Should drugmakers patent a COVID-19 vaccine?


Vaccine stock photo

As the coronavirus pandemic continues to sicken people globally, countries and companies around the world are racing to develop safe and effective vaccines. But ending the COVID-19 pandemic will also require mass immunization programs, and drugmakers will need to manufacture billions of vaccine doses to make these programs successful. The prevailing conventional wisdom is that the best way to make affordable vaccines accessible is to loosen patent restrictions and the many associated legal barriers to market entry that patents impose, boosting competition among multiple suppliers of a potential vaccine.

But what if the conventional wisdom is wrong?

A recent webinar co-sponsored by Arizona State University’s Consortium for Science, Policy and Outcomes brought together two experts to debate whether patenting a vaccine will help end the pandemic — or whether patenting a vaccine would limit vaccine access to those who can afford to pay market-rate prices.

Ken Shadlen, a professor of development studies at the London School of Economics and Political Science, argued that the most effective way to quickly mass-produce a COVID-19 vaccine may be to have patent holders organize networks of licensees and manufacturers, letting them coordinate and manage global supply chains, like giant, vertically integrated firms.

“The rapid spread of the COVID pandemic, the vast quantities of products needed, and the complexity of producing highly engineered products should raise the question of whether relaxing patents might achieve needed goals,” Shadlen said. “For vaccines in particular, the principal barriers to access will be related to their production. In such cases, the primary focus should be on promoting the transfer of knowledge and technology, an outcome that relaxing legal barriers, like patents, is unlikely to achieve.”

Beyond the production challenges associated with bringing any new drug to market, the coronavirus pandemic in particular includes a unique challenge, Shadlen said: time.

“Every month spent waiting for an effective vaccine, for example, is another month where global life is fundamentally disrupted. In exceptional circumstances, it may be that the opposite of openness and competition — licensing and partnership — are best suited to achieving wide access quickly,” Shadlen said. “In these exceptional circumstances, the usual approach of relaxing legal barriers to create openness and competition may prove insufficient, because potential competitors will struggle to replicate at scale quickly enough when left to their own devices.”

Bhaven Sampat, an associate professor in Columbia University’s department of health policy and management, argued that there is a fundamental breakdown in the current model for supporting research and commercialization in biomedical research and pharmaceutical innovation.

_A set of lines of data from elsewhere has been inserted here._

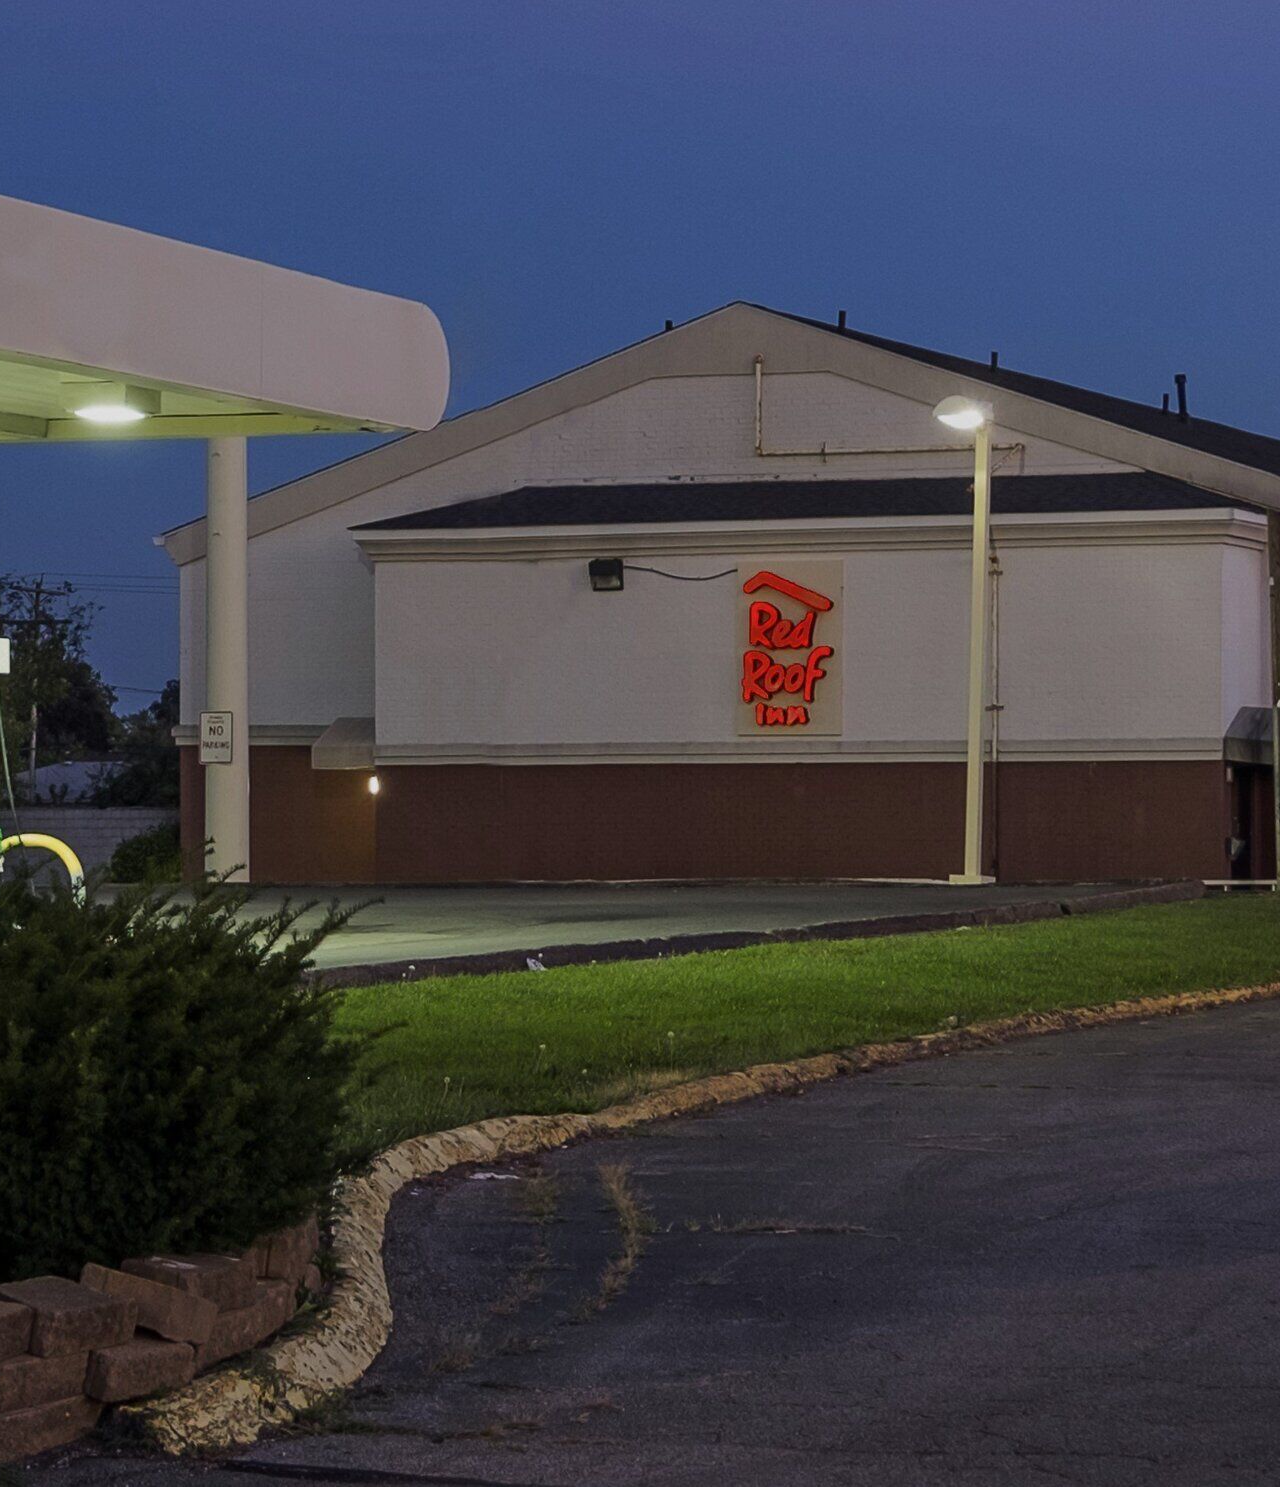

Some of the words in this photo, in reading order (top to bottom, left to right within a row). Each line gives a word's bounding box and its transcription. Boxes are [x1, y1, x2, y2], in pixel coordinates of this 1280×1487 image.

[749, 601, 817, 650] Red
[741, 645, 834, 704] Roof
[208, 725, 224, 736] NO
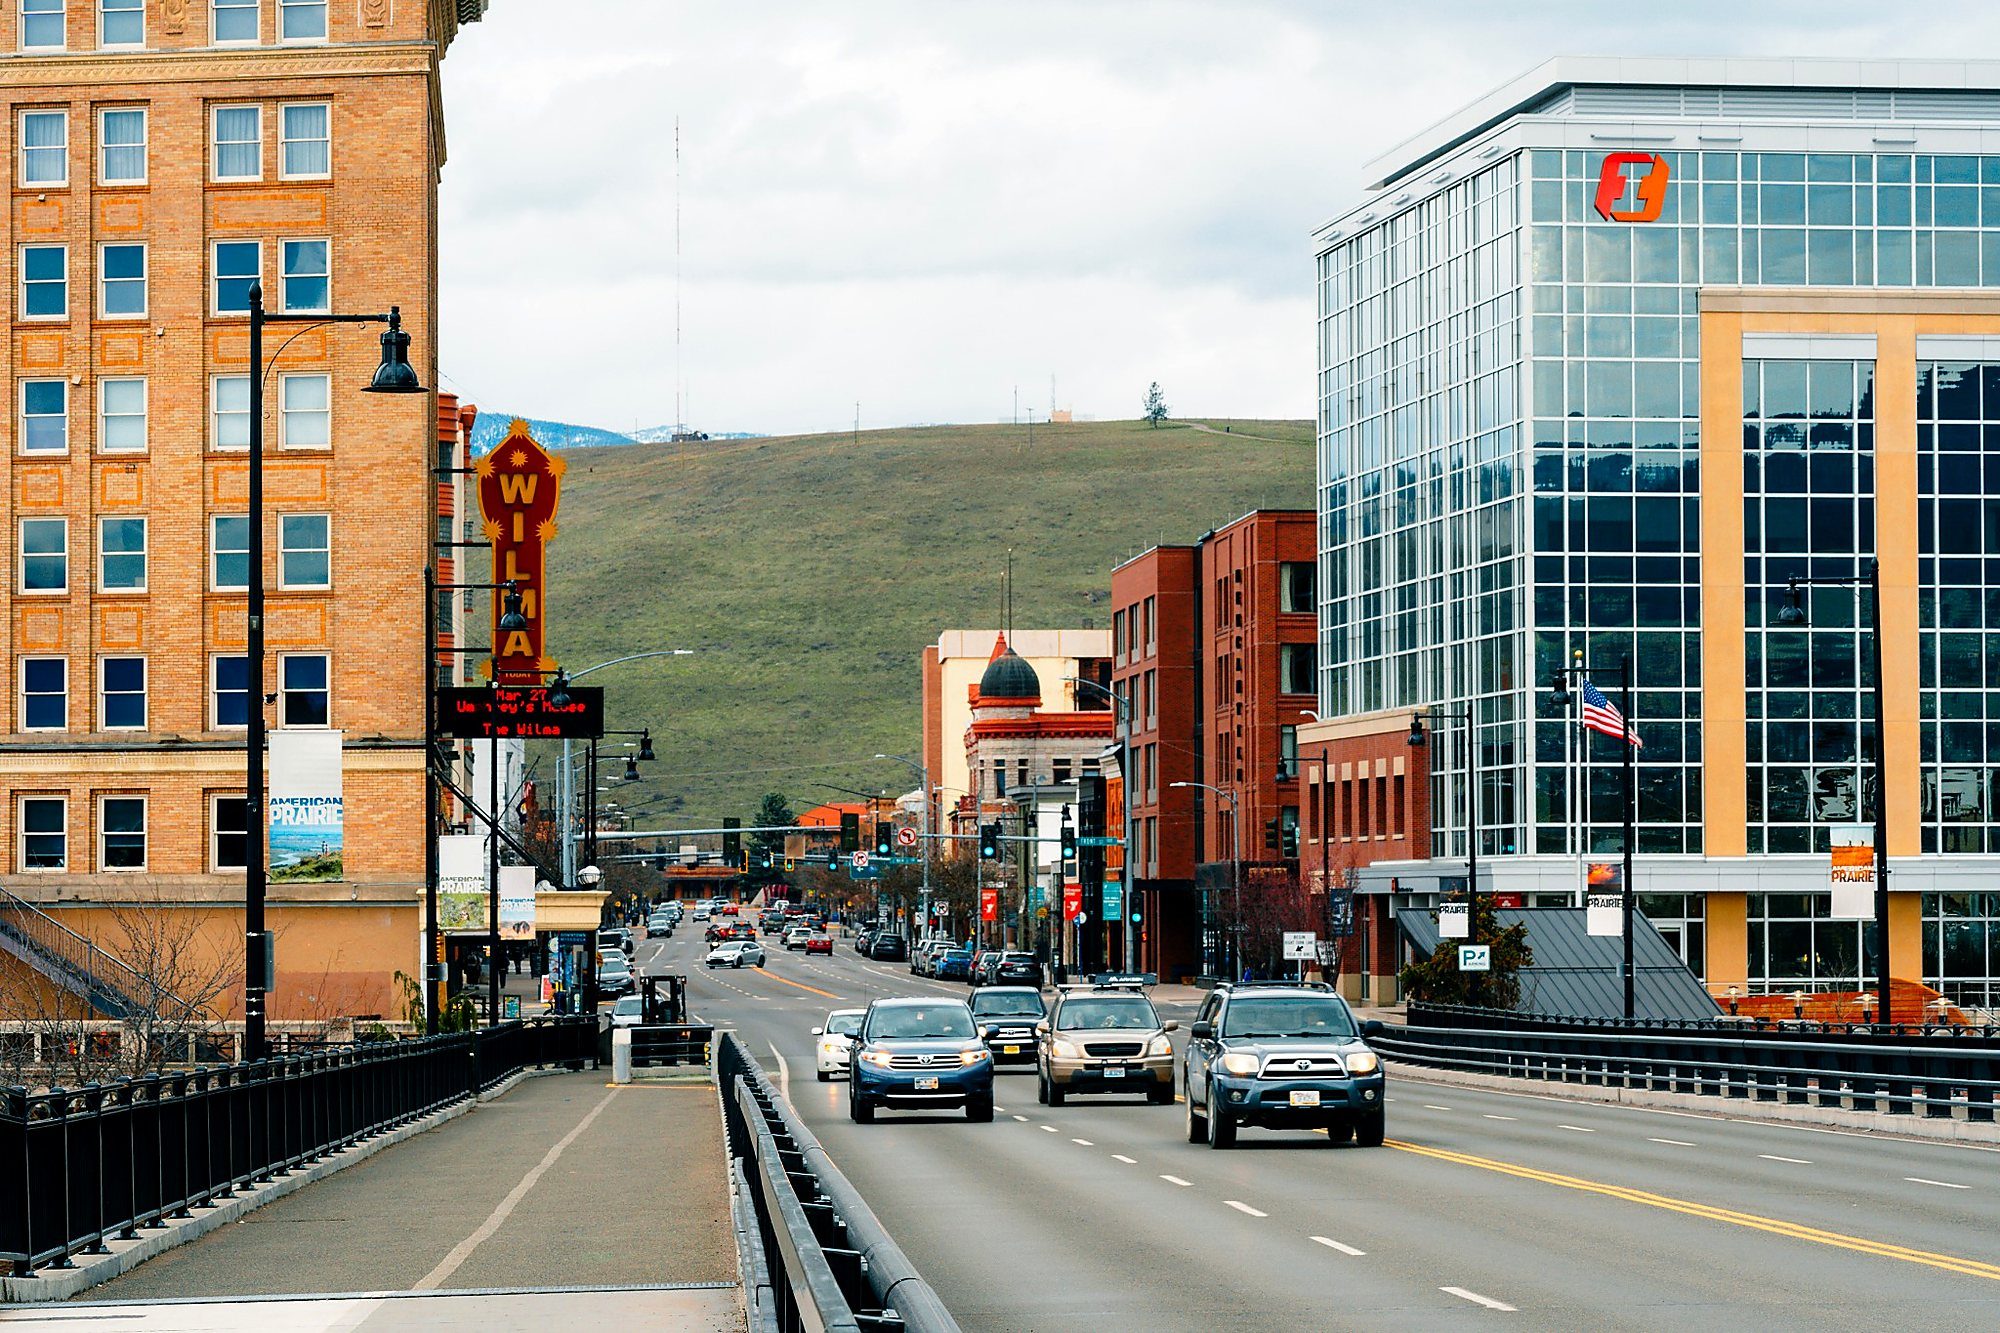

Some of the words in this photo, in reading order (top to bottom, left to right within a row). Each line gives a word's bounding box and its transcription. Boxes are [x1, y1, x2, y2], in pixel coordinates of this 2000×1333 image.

[500, 473, 539, 657] WILMA
[496, 689, 522, 701] Mar
[530, 689, 547, 701] 27
[516, 723, 561, 736] Wilma
[269, 797, 343, 806] AMERICAN
[269, 805, 343, 825] PRAIRIE
[1831, 869, 1875, 882] PRAIRIE
[440, 881, 485, 893] PRAIRIE
[1588, 898, 1623, 908] PRAIRIE
[1440, 906, 1468, 914] PRAIRIE
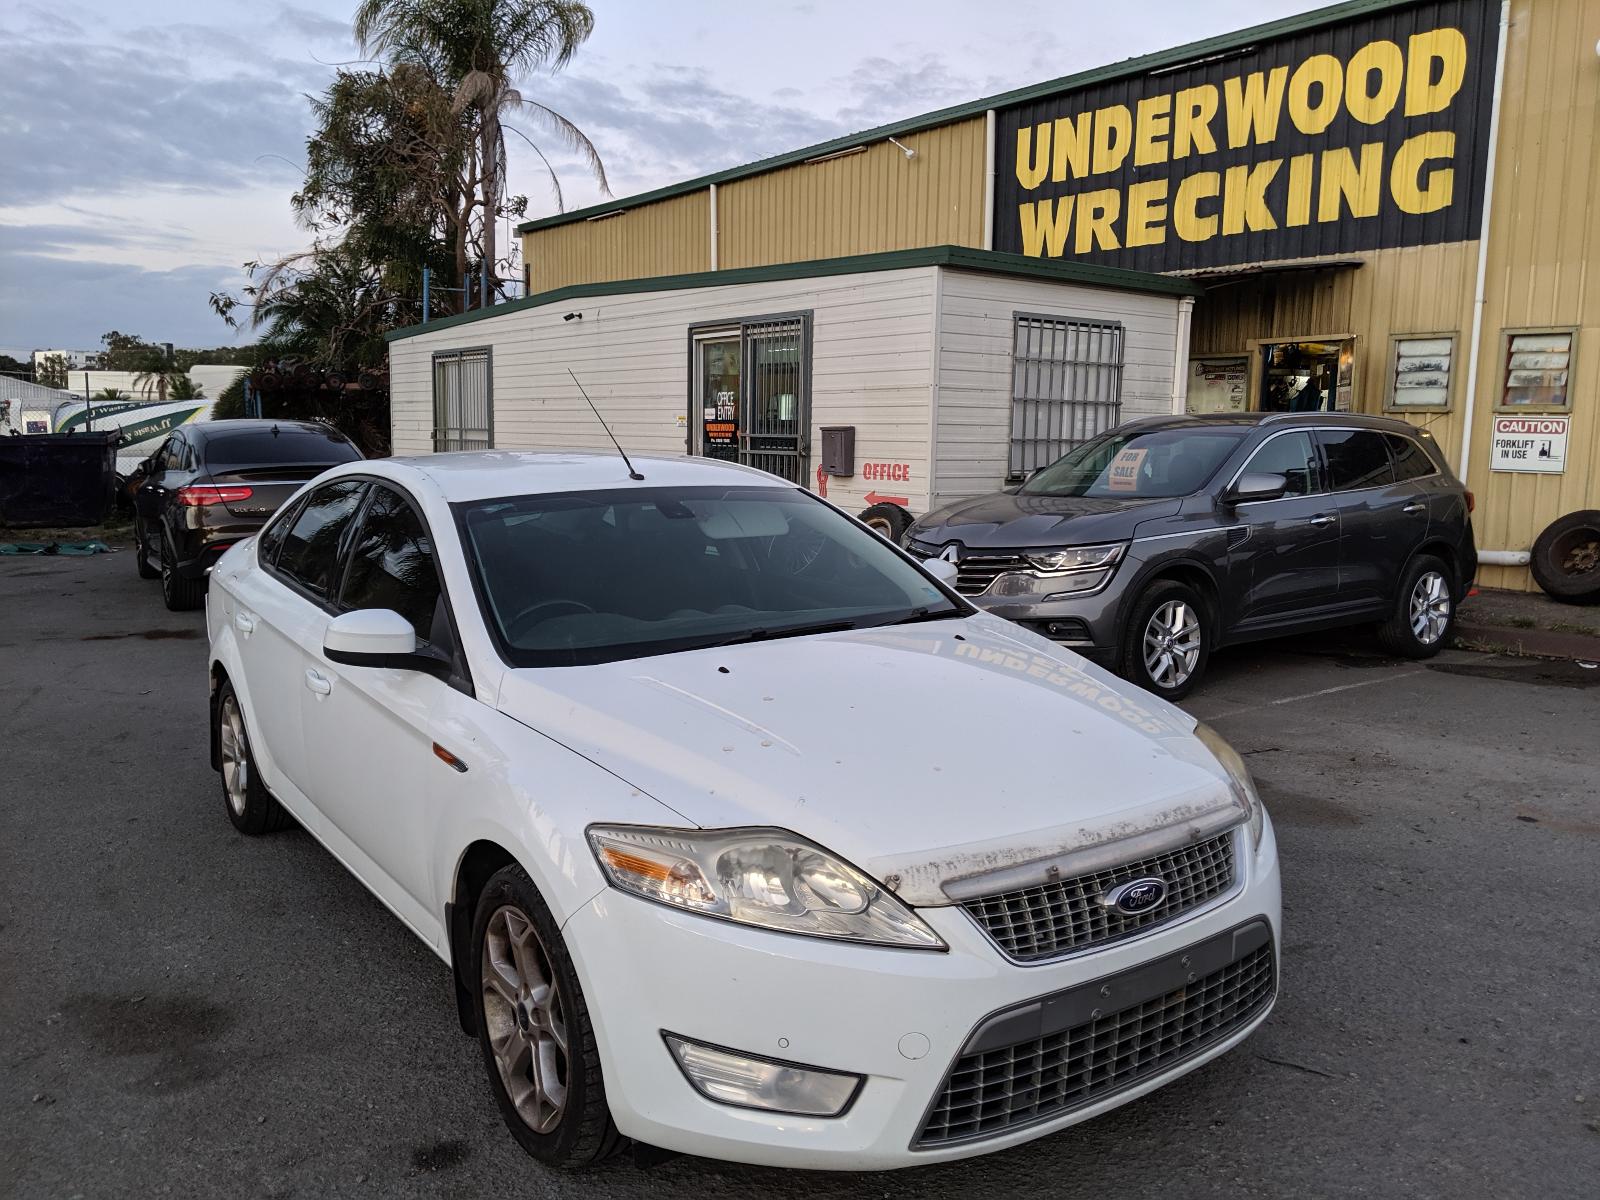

“COVID-19 has exposed the fault lines in the model for publicly funded research,” Sampat said. “Several of the most promising treatments and vaccine candidates were developed in part through government funding, yet the private companies now licensed to develop them will have free rein on how much to charge. If prices aren’t kept under control, COVID-19 treatments could end up being limited to those who can pay.”

Operation Warp Speed, a federal program aimed at developing an effective vaccine and manufacturing enough doses for all 300 million Americans by early 2021, has already pledged billions of dollars to companies who are developing promising vaccine candidates. While some pharmaceutical companies that are part of Operation Warp Speed have pledged that that they would produce millions of doses of their vaccines at low or no profit, some companies that have declined federal funding have said that they intend to price their product based on market demand. According to the New York Times “Coronavirus Vaccine Tracker,” 40 vaccines are currently in clinical trials on humans, and at least 92 preclinical vaccines are under active investigation in animals.

“The question, ‘Should we allow patents on COVID vaccines?’ comes down to, at least for me as an economist, whether the ‘oomph’ that patents give to innovation incentives outweigh the detrimental effects that they may have on access,” Sampat said.

“We still clearly have a lot of work to do,” said moderator Robert Cook-Deegan, a professor in the School for the Future of Innovation in Society. “And we really don’t understand how this incredibly powerful machine works. Wouldn’t it be nice?”